Meta built a tool to spy on its own employees down to every keystroke and cursor twitch, then left the resulting trove of private data — conversations, performance reviews, medical and tax information — accessible to every single person in the company. On Monday, Meta announced it would pause the program while it investigates. The stake for ordinary Americans is plain: the same corporations that hoover up your data and lecture the country about trust and safety cannot even secure the surveillance apparatus they turned on their own workforce.

The program is called the Model Capability Initiative, or MCI. Rolled out in April, it captures mouse movements, clicks, keystrokes, and occasional screenshots from U.S.-based employees' computers and feeds it all into Meta's AI models as training data. It was mandatory for most staff. More than 1,600 employees signed an internal petition protesting the laptop surveillance, warning it introduced "both security and regulatory risks for Meta, including the potential for breaches and unauthorized disclosure," according to WIRED. Their warning just came true.

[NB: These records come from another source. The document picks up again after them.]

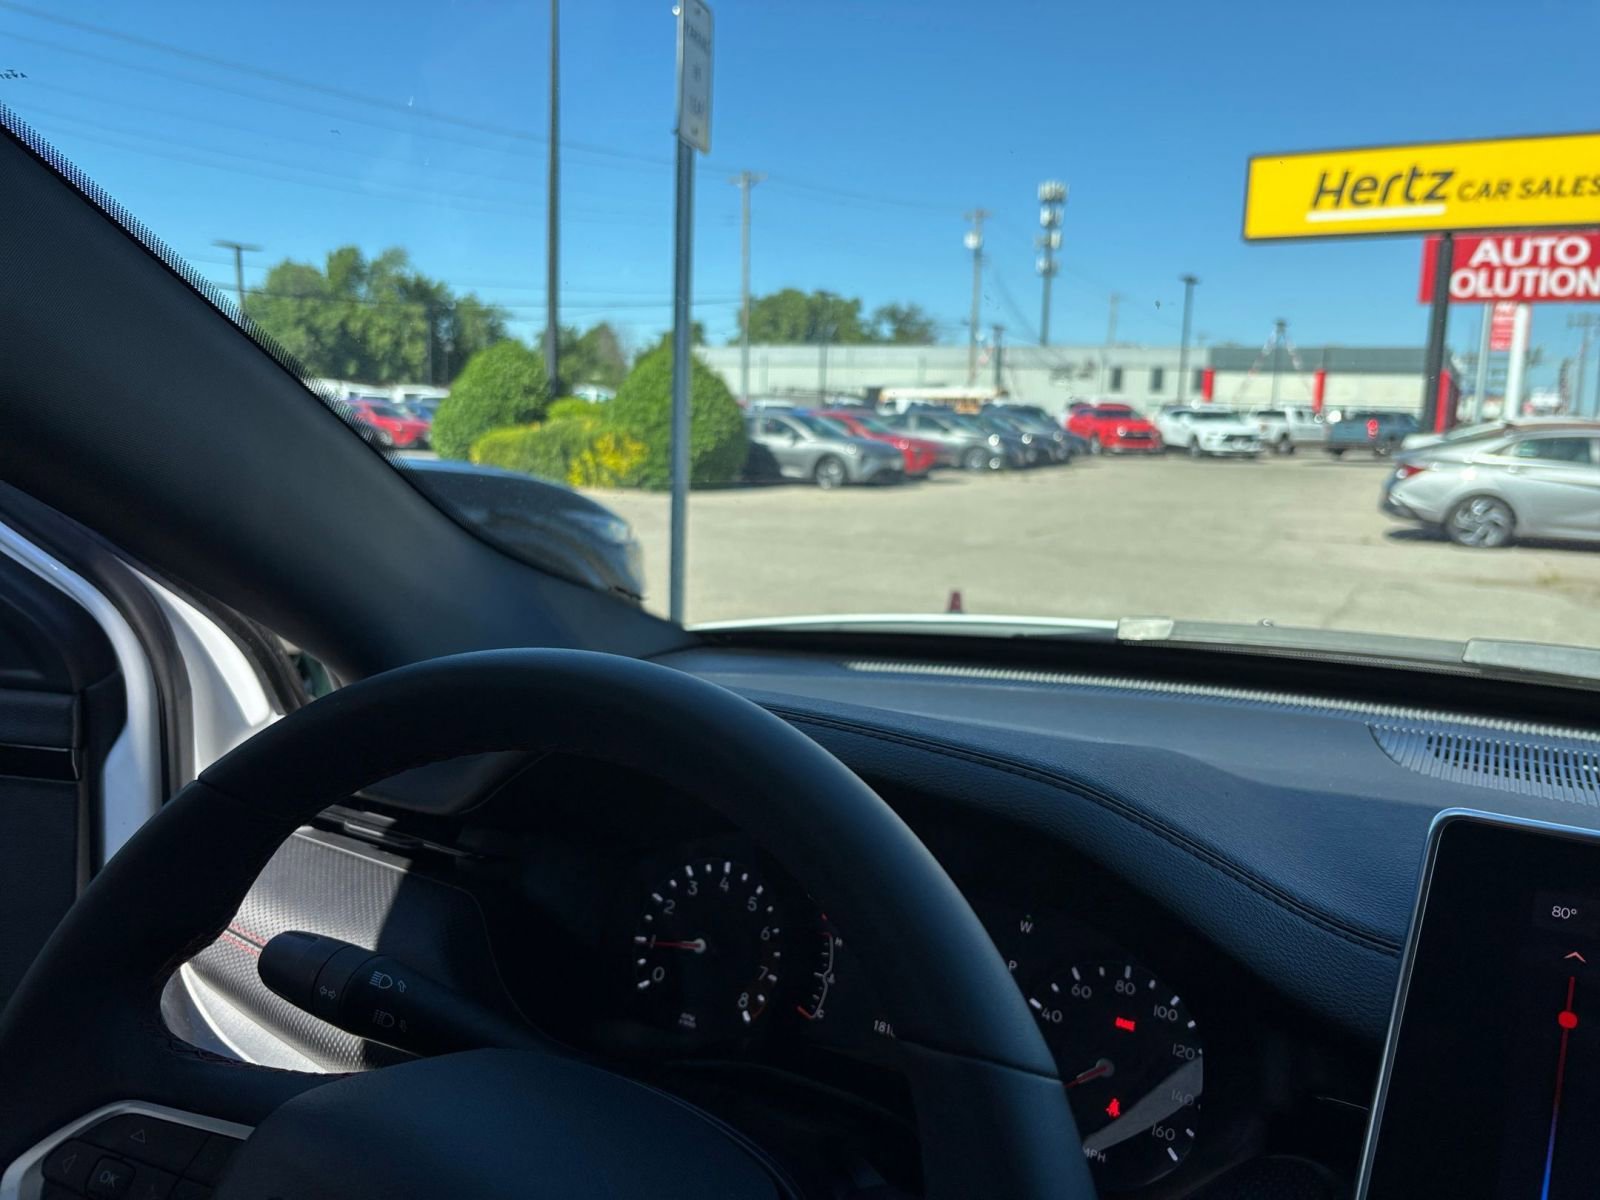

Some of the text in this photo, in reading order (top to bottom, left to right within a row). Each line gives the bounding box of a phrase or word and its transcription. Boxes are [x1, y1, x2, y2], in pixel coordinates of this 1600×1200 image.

[1311, 165, 1455, 209] Hertz
[1457, 179, 1513, 202] CAR
[1468, 234, 1592, 268] AUTO
[1449, 265, 1600, 299] OLUTION
[688, 880, 698, 896] 3
[720, 877, 730, 892] 4
[664, 900, 675, 915] 2
[747, 897, 757, 911] 5
[1551, 905, 1577, 919] 80°
[760, 926, 770, 941] 6
[1020, 920, 1034, 934] W
[653, 966, 665, 982] 0
[758, 966, 768, 981] 7
[1071, 984, 1092, 999] 60
[1114, 980, 1136, 996] 80
[738, 992, 749, 1008] 8
[1041, 1008, 1063, 1023] 40
[1153, 1004, 1178, 1021] 100
[1172, 1043, 1196, 1060] 120
[1171, 1089, 1194, 1106] 140
[1151, 1120, 1176, 1141] 160
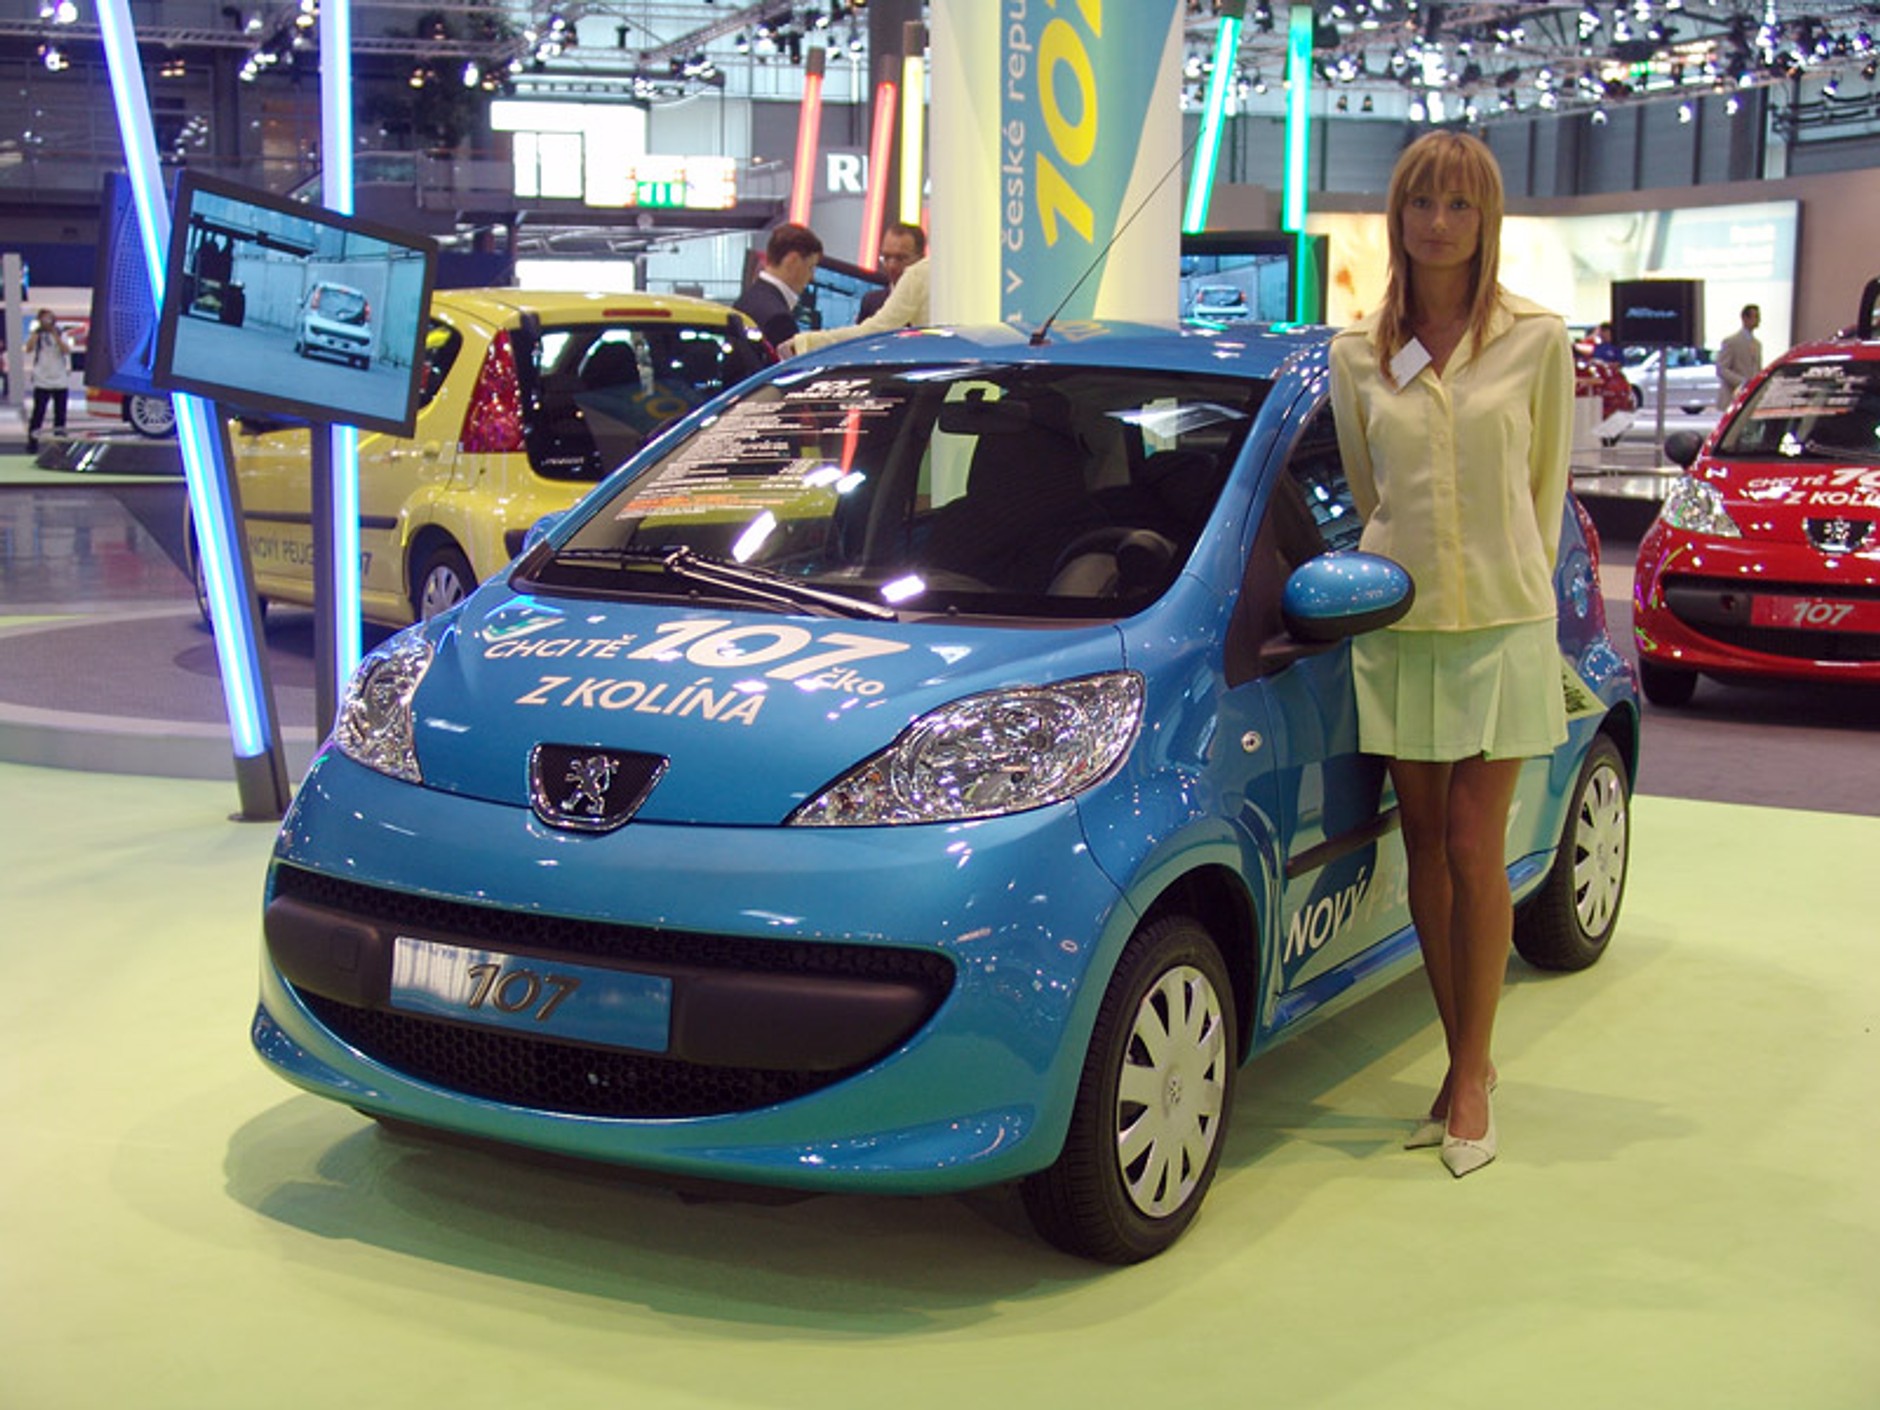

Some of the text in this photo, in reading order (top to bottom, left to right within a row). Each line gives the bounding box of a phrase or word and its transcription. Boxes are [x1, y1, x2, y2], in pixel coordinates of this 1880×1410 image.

[1036, 0, 1102, 247] 10
[1001, 119, 1024, 251] české
[1793, 601, 1855, 625] 107
[484, 639, 582, 659] CHCI
[576, 634, 638, 659] TĚ
[626, 619, 911, 680] 107
[515, 676, 766, 726] Z KOLÍNA
[1283, 864, 1367, 964] NOVÝ
[467, 964, 583, 1022] 107
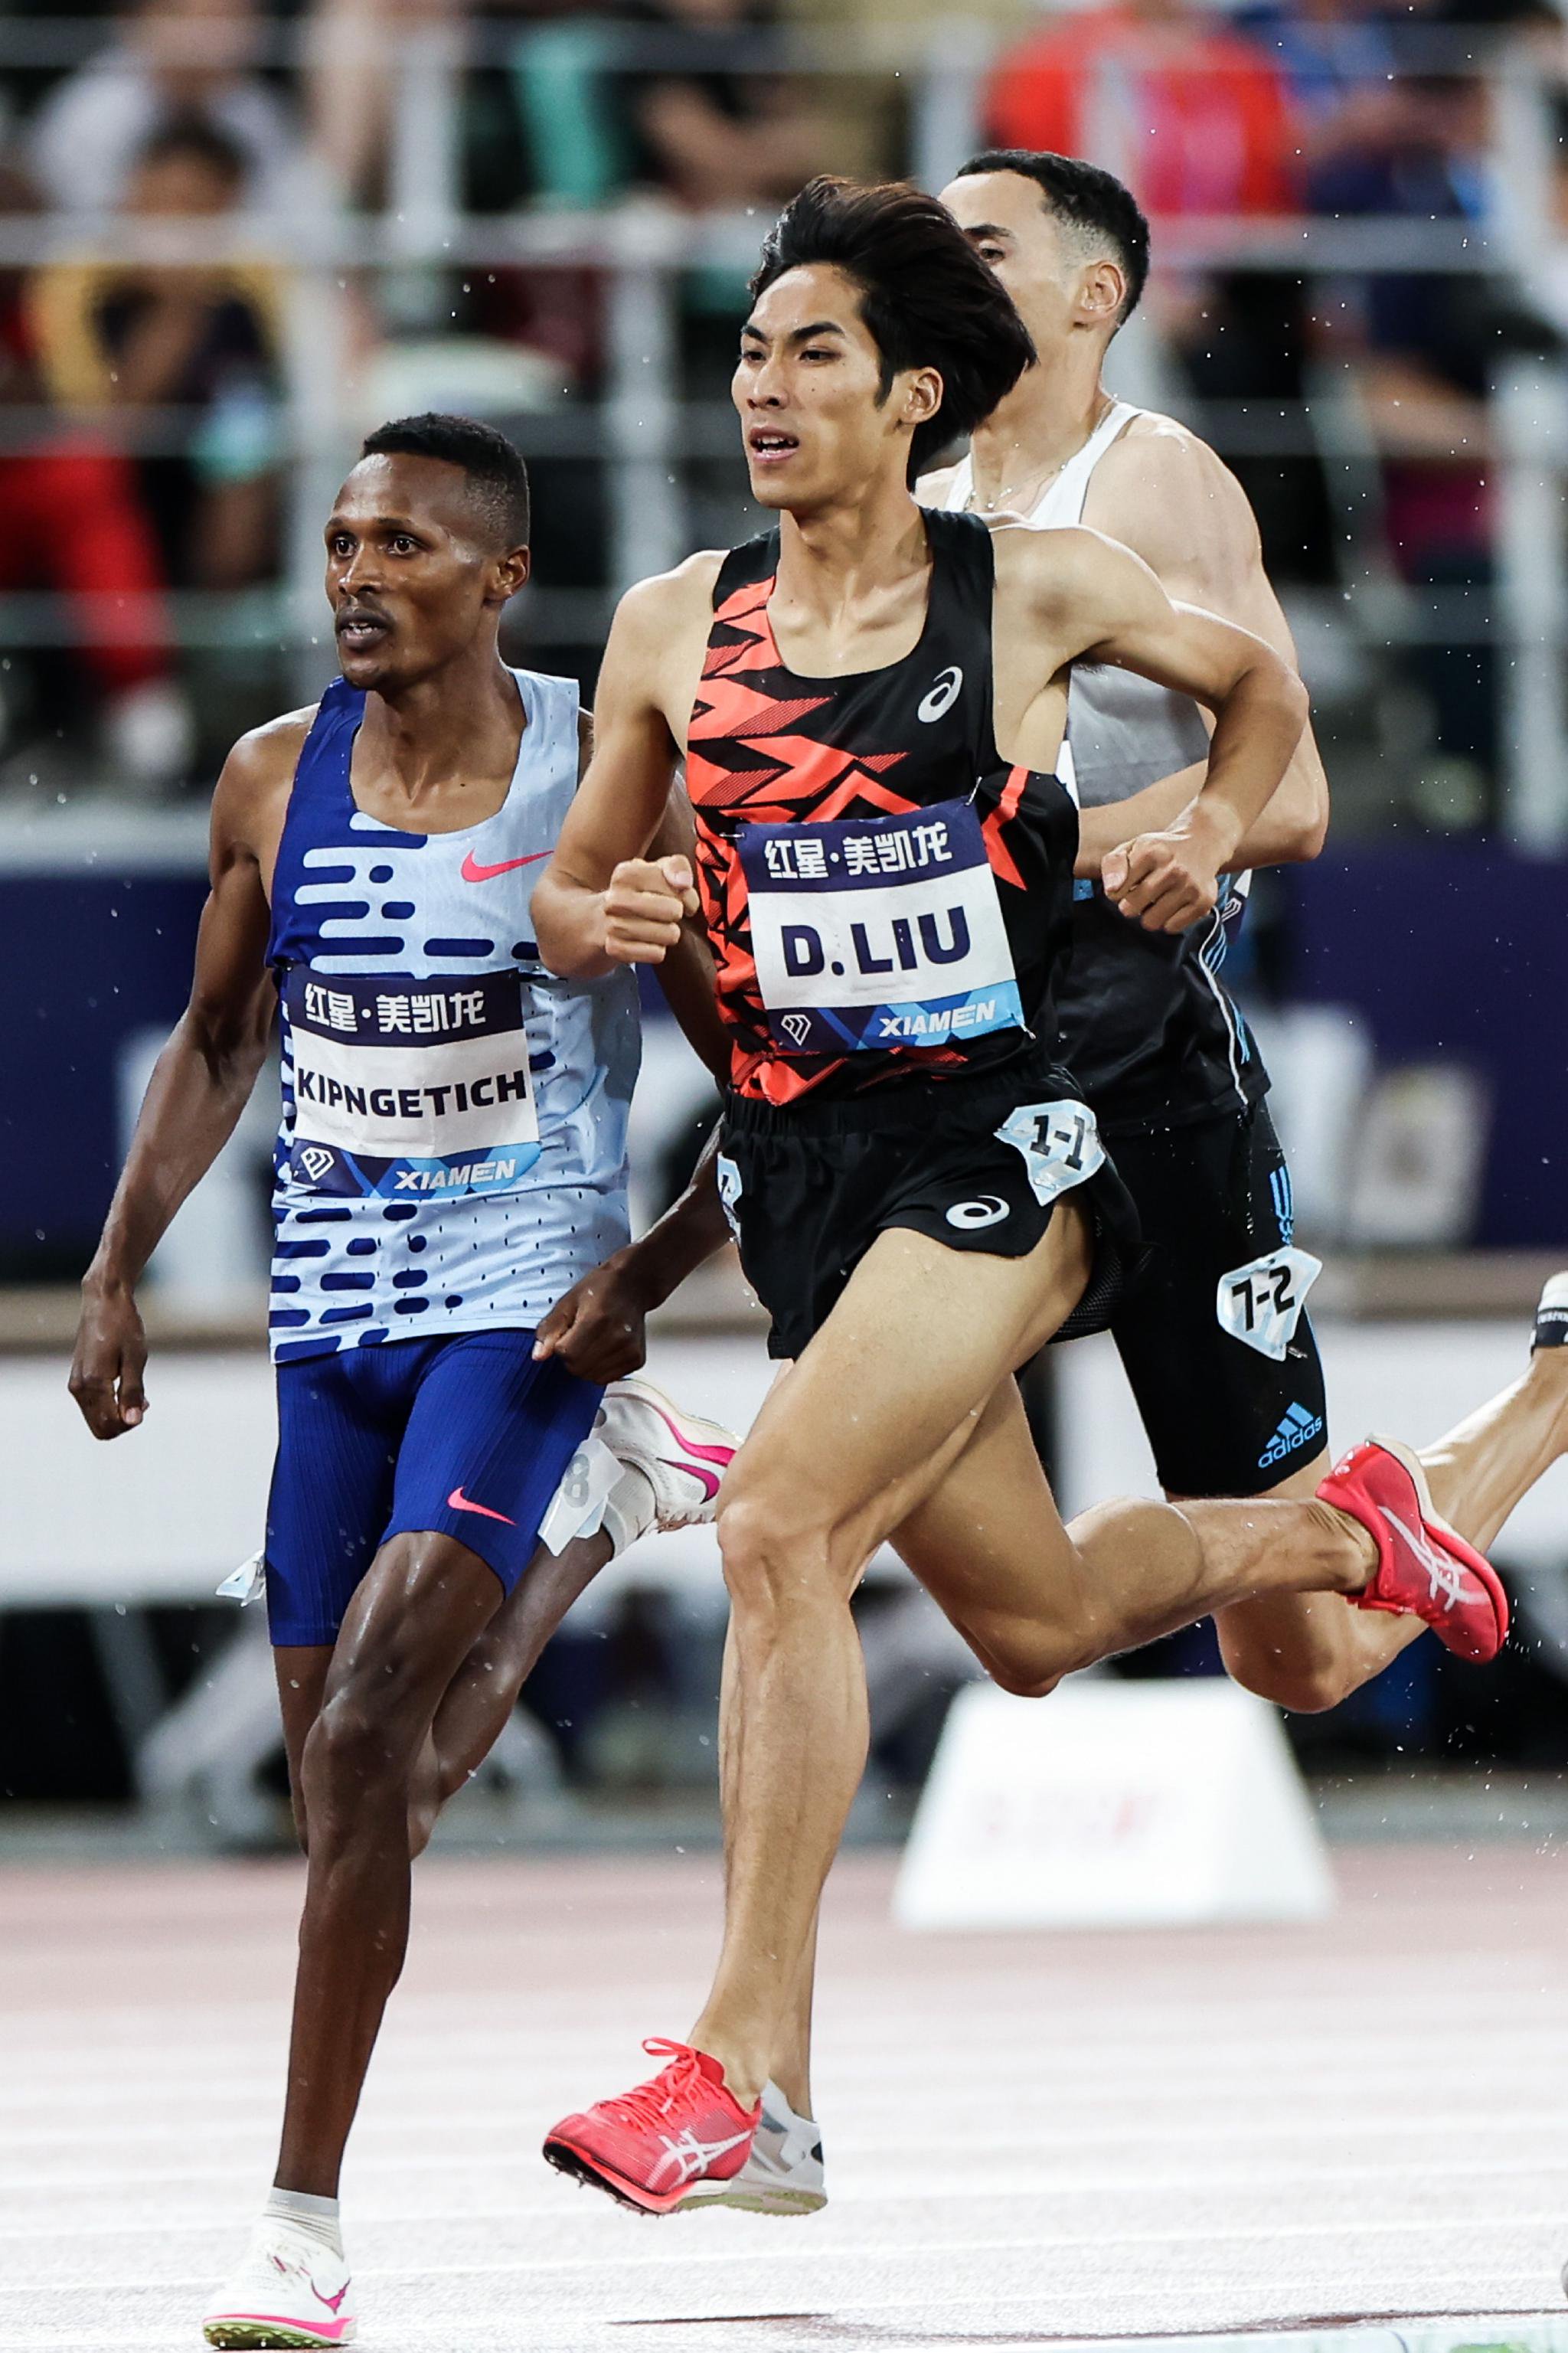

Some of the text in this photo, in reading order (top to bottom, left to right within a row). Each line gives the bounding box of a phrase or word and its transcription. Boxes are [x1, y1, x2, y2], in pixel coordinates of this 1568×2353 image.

An employee filed a high-priority security incident report — a SEV 2, per Business Insider — after discovering that sensitive worker data across 45,000 internal database tables had been left open to the entire company. The exposed material included "full prompts and transcriptions, private conversations, people & performance data, DSS sensitivity ratings," according to documents reviewed by Reuters and WIRED. One employee wrote on the internal incident discussion: "I have accessed both personal tax and medical information through my work computer, as have many thousands of employees. We were told this data would be protected and only used for valid business purposes after aggressive filtering." Reuters had already reported in May that MCI was collecting more information than initially described and storing it in unencrypted form.

This was not a hack. It was a permissions misconfiguration — an open filing cabinet designed and operated by Meta itself. The company that wants to train AI by watching its own workers work could not keep the resulting detail away from those same workers.

Meta spokesperson Tracy Clayton offered the standard line: "We have carefully designed this program with privacy safeguards and while we have no indication at this time that any data was improperly accessed by Meta employees, we're pausing it while we investigate." CTO Andrew Bosworth told staff the implementation had fallen short of the standards outlined in its privacy review, WIRED reported. The company declined to say how long the halt would last. As of Monday afternoon, the tool was still recording, according to a source who spoke to Reuters; the pause was rolling out gradually.

Zuckerberg himself justified the surveillance in leaked audio from a company meeting, telling employees that "AI models learn from watching really smart people do things" and that "the average intelligence of the people who are at this company is significantly higher" than the average contractor who could be hired to produce training data, WIRED reported. So Meta's workforce is smart enough to be harvested but not entitled to basic data protection.

Meta later offered workers a pause button — letting them switch off tracking for 30 minutes at a stretch. TNW noted the concession mainly underscored how constant the monitoring was otherwise. The program also arrived ahead of job cuts, sharpening the tension between workers and the surveillance software built to learn from them.

WIRED reported that the incident has been marked as closed internally, likely resolved. Bosworth said findings would be shared. Whether MCI returns in its current form, redesigned, or scrapped entirely remains unanswered.

The question that hangs in the air: if the most powerful tech company on earth cannot secure the panopticon it built for its own employees, what exactly is it doing with yours?